Microsoft has not yet promised an availability date for R2, but a beta version was made available in early February and can be downloaded here.

In the meantime, it's always a good idea to familiarize yourself with new concepts even before they're available. And here's the promise of DirectAccess: Imagine yourself as a field sales representative. After a long flight, you arrive at your hotel at 10 p.m. and want to check your e-mail and log your timesheet hours before bed. Once checked in, you go to your room, plug in your laptop and connect to the hotel's Internet facility. In a matter of seconds, not only does your e-mail update, but your intranet timesheet application opens up automatically -- and you can update it -- without messing with a VPN connection.

The next morning, at a client site, you connect to the client's guest wireless network while in a meeting. Using standard Windows search tools, you search for a document that resides on a SharePoint server internal to your firm. Your computing experience is the same, no matter where you are.
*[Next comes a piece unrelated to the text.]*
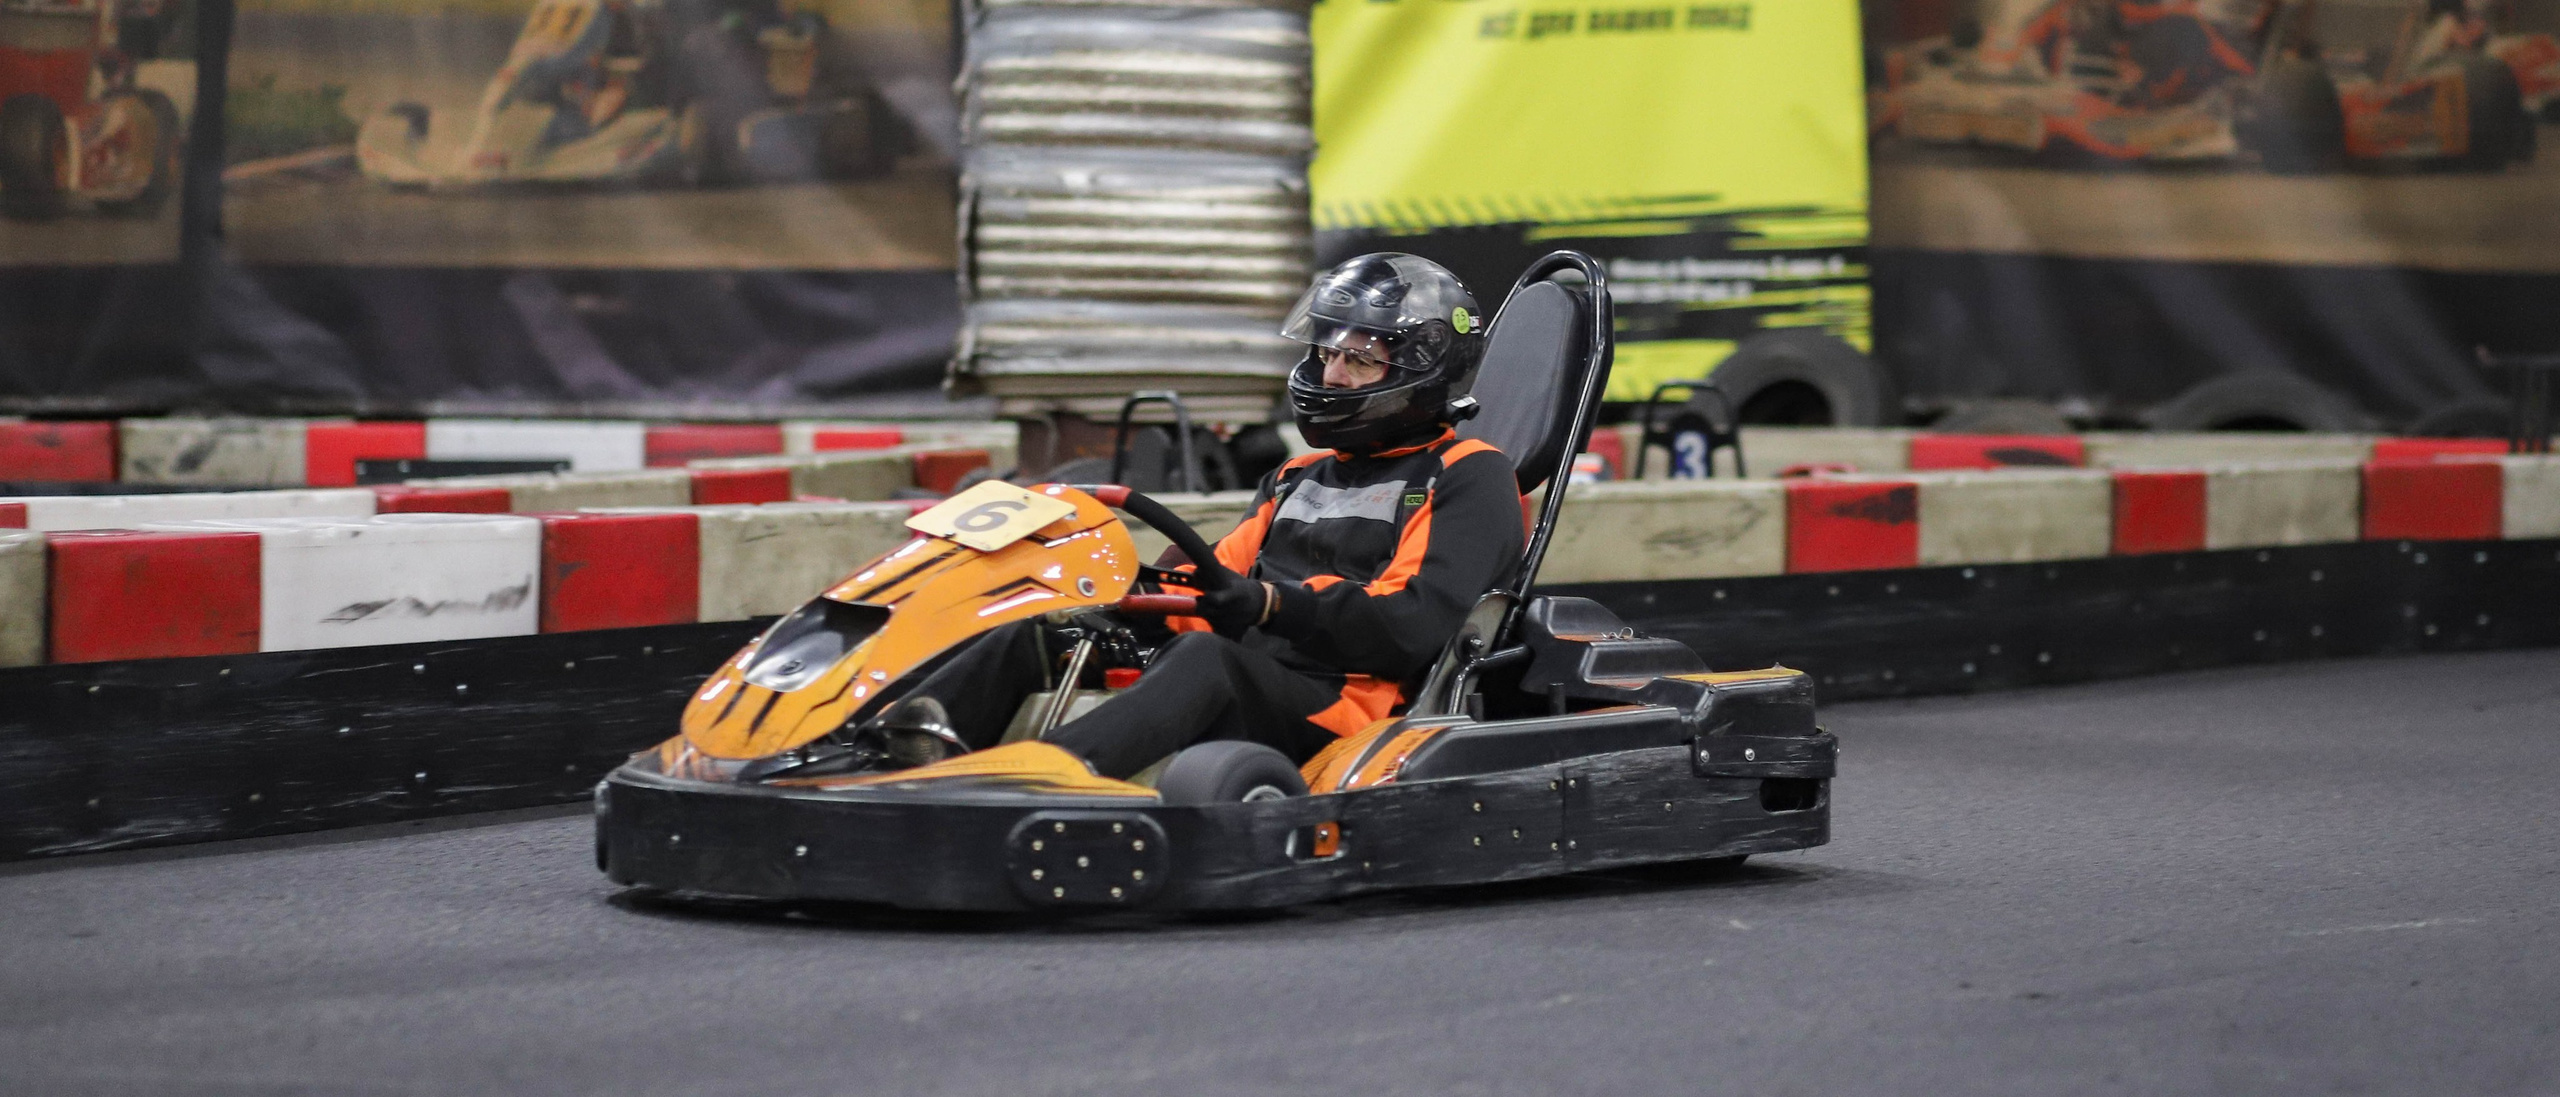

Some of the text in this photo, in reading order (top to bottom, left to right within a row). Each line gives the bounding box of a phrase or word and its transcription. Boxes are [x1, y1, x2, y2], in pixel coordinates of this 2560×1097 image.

[1674, 431, 1708, 480] 3
[953, 500, 1029, 533] 6
[1291, 492, 1324, 510] CING
On the flip side, imagine yourself as an IT worker in a large firm. (This one shouldn't be too difficult to envision.) You have a large contingent of telecommuters spread across the world and previously have had no way to enforce that they either come into the office or connect to your VPN at any regular interval. As a result, you didn't have any way to ensure that their machines were properly patched, that they weren't infested with malware, or that they weren't leaking confidential and proprietary company information via peer-to-peer networks or other means.
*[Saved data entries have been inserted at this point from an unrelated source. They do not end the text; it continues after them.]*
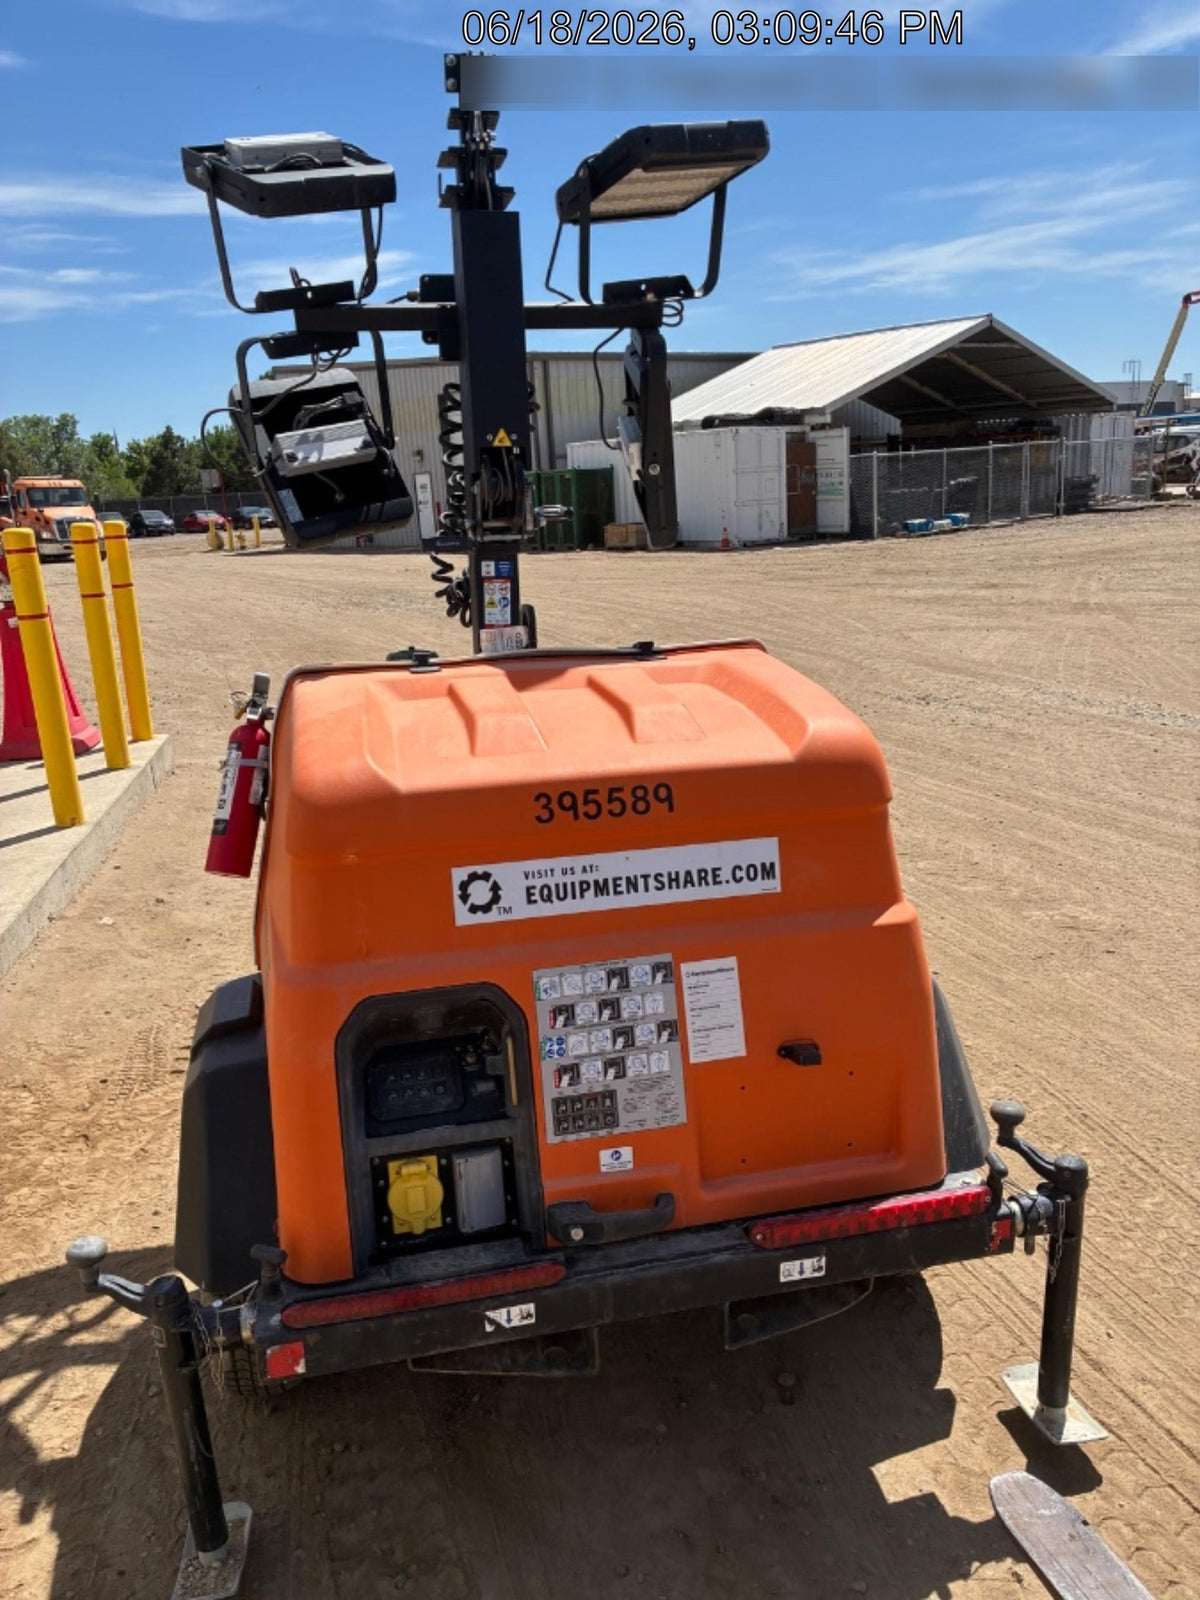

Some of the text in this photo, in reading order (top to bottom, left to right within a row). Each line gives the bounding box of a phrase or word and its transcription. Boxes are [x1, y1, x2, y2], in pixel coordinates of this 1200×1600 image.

[533, 783, 675, 823] 395589
[523, 864, 600, 881] VISIT US AT:
[525, 861, 777, 906] EQUIPMENTSHARE.COM
[497, 906, 513, 916] TM
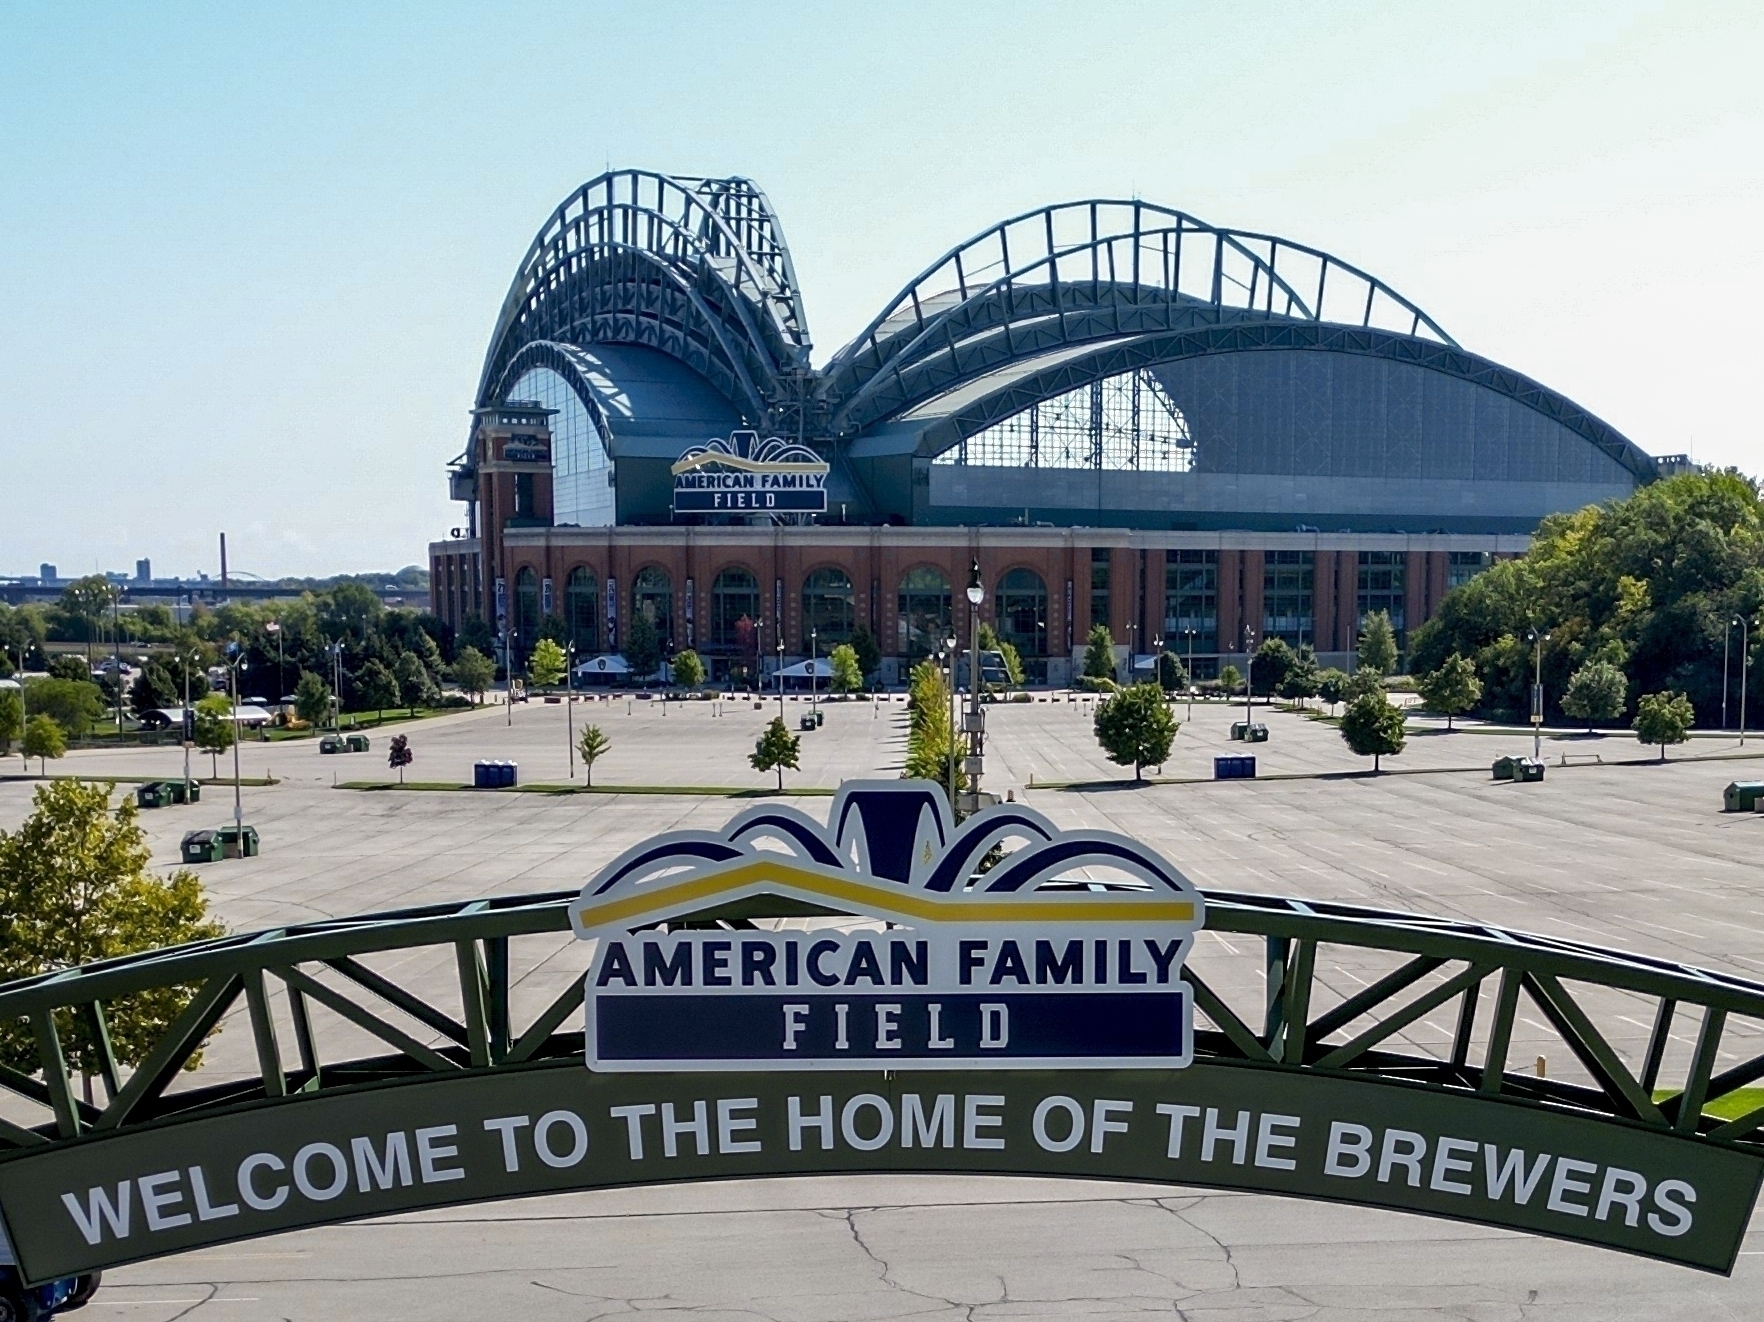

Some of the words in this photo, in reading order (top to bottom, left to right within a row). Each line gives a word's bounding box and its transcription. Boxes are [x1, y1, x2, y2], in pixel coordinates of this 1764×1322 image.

But now all of these remote users can be managed, secured, patched and trusted -- all via a secure, authenticated connection -- removing any obstacle to administering those machines as if they were hardwired to your internal networks.

DirectAccess is the technology that purports to offer this level of seamless connectivity. In this feature, I'll take a look behind the scenes at the technology that drives it and then walk you through an overview of how to prepare for and deploy DirectAccess.

How does it work?

DirectAccess relies heavily on IPv6. (I can hear the collective groaning throughout the audience.) The reasoning here is that IPv6 (Internet Protocol Version 6) is one of the only transport protocols that supports the addressing needs required from the client through bridges to the corporate network. Of course, migrating to IPv6 is a costly and time-consuming proposition, and thus DirectAccess also supports a variety of transition technologies that make IPv6 work in a world that is still heavily based on IPv4.

These transition technologies essentially carry IPv6 packets across IPv4 tunnels, and sometimes through edge devices that might otherwise interrupt the flow of communications. The technologies in use are:

  • Teredo: Teredo helps IPv6 transmission pass through NAT (Network Address Translation) devices, which traditionally allow larger networks to assign private, non-routable addresses behind an edge device that shares one or more public IPv4 addresses. If a client is behind a NAT firewall, Teredo is the preferred DirectAccess connectivity method.
  • 6to4: 6to4 is a way to translate IPv6 address into IPv4 addresses, and it works well in scenarios where IPv6 connectivity is needed across the public IPv4 Internet. If the remote clients have public IPv4 addresses, 6to4 is the preferred connectivity method.
  • IP-HTTPS: This is a new protocol to Windows 7, and also Windows Server 2008 R2, that tunnels IPv6 packets coming behind an edge device through an HTTPS session. While more accessible than Teredo and 6to4, this method has a significant performance penalty and is meant to be a "last resort" connectivity protocol when Teredo or 6to4 won't connect.
  • Native IPv6: Of course, if you have deployed IPv6 and all clients and servers have globally routed IPv6 addresses, then you can work in the native IPv6 protocol without any transition technologies necessary.